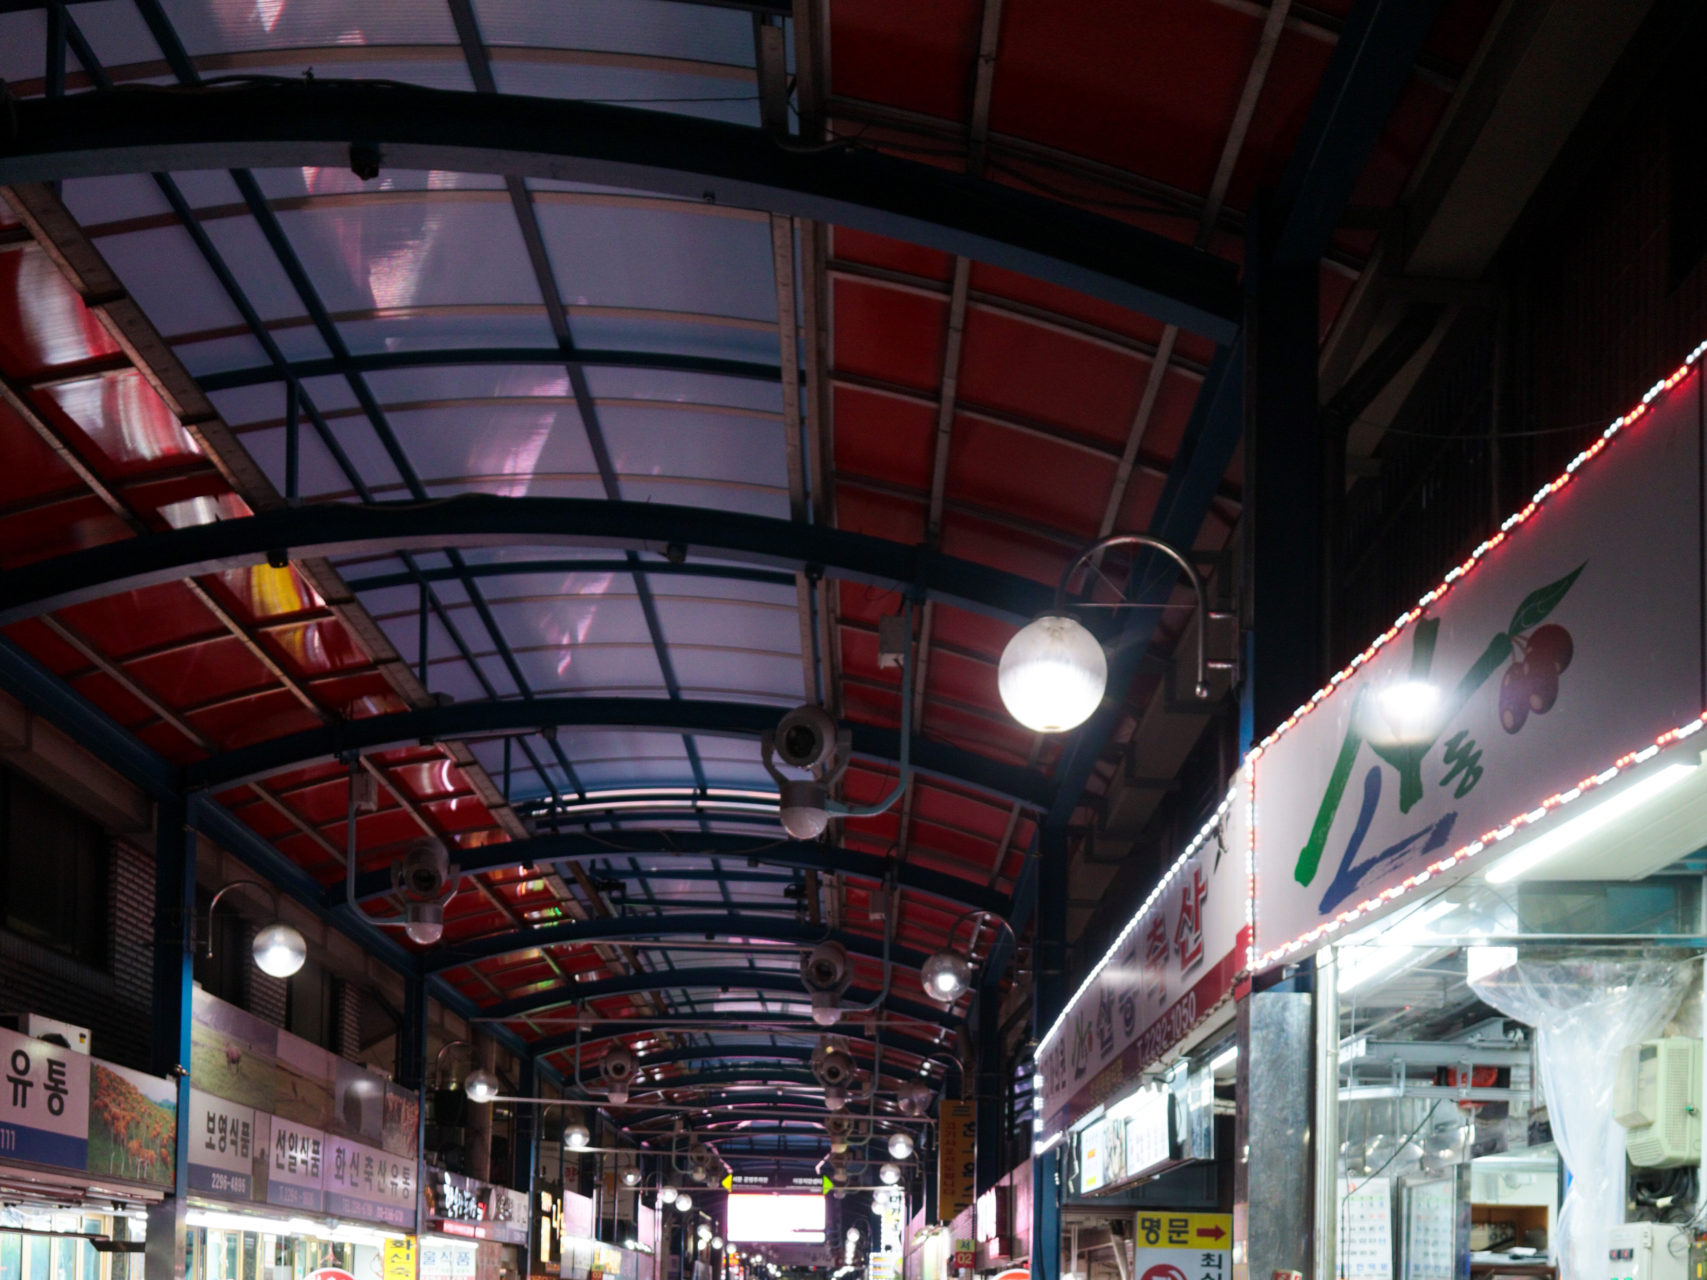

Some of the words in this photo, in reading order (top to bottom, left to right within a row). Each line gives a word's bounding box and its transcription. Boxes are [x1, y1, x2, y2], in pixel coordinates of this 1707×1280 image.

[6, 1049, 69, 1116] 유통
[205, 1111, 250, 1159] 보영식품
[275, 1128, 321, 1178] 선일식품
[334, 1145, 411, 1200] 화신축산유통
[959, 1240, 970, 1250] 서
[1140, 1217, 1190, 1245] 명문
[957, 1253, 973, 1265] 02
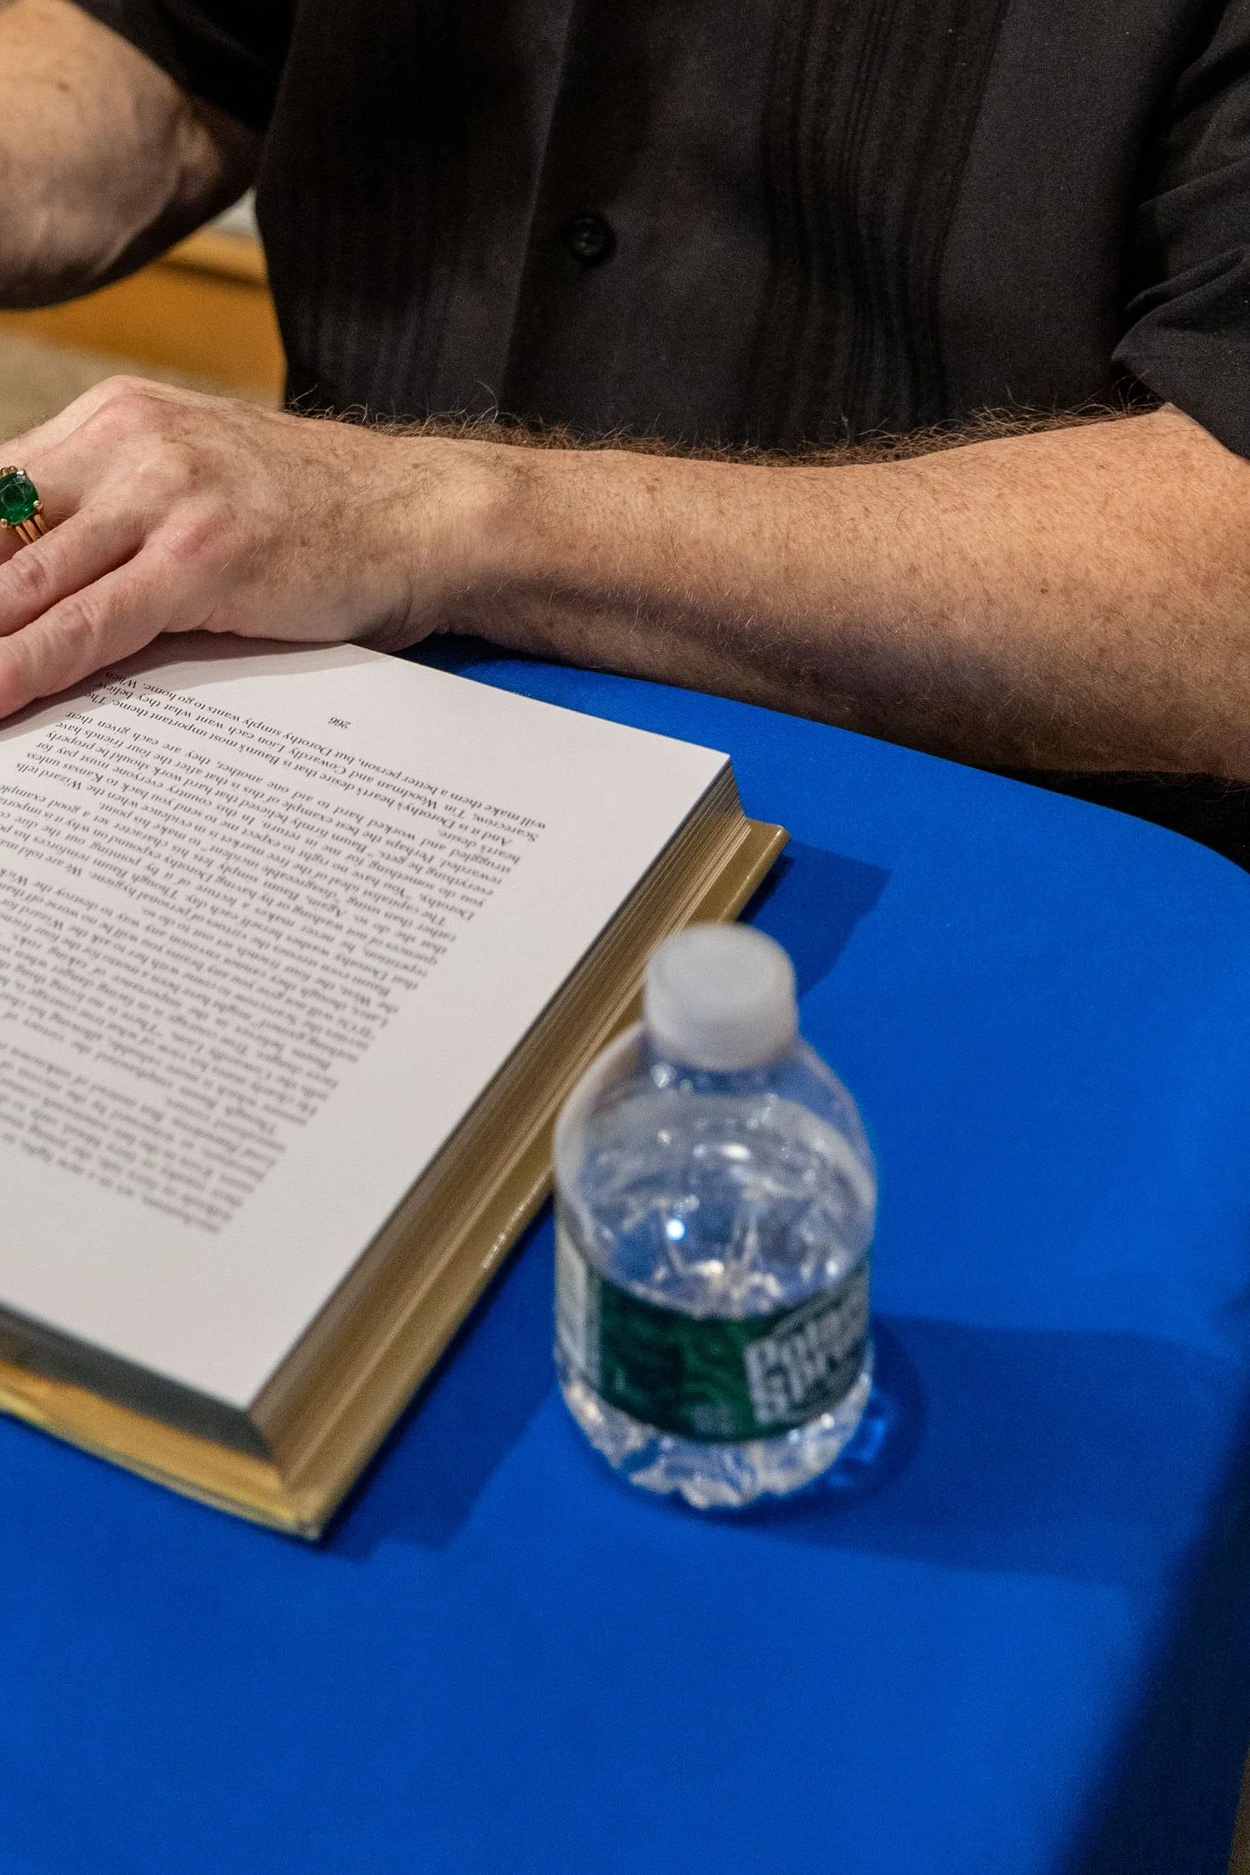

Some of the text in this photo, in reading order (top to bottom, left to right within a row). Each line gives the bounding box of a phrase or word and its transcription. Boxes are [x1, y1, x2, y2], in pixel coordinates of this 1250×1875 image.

• • • • •

- What to do -
Print the data exactly as written, dropping any images it holds.

- Worked solution -
Some of the words in this photo, in reading order (top to bottom, left to right within a row). Each line gives a word's bounding box and its transcription. Boxes are [x1, y1, x2, y2], in pixel coordinates of this 1707×1280 image.

[6, 1049, 69, 1116] 유통
[205, 1111, 250, 1159] 보영식품
[275, 1128, 321, 1178] 선일식품
[334, 1145, 411, 1200] 화신축산유통
[959, 1240, 970, 1250] 서
[1140, 1217, 1190, 1245] 명문
[957, 1253, 973, 1265] 02

Some of the text in this photo, in reading order (top to bottom, left to right within a row). Each line gives the bounding box of a phrase or word and its transcription. Boxes are [x1, y1, x2, y2], in pixel coordinates of this 1250×1875 image.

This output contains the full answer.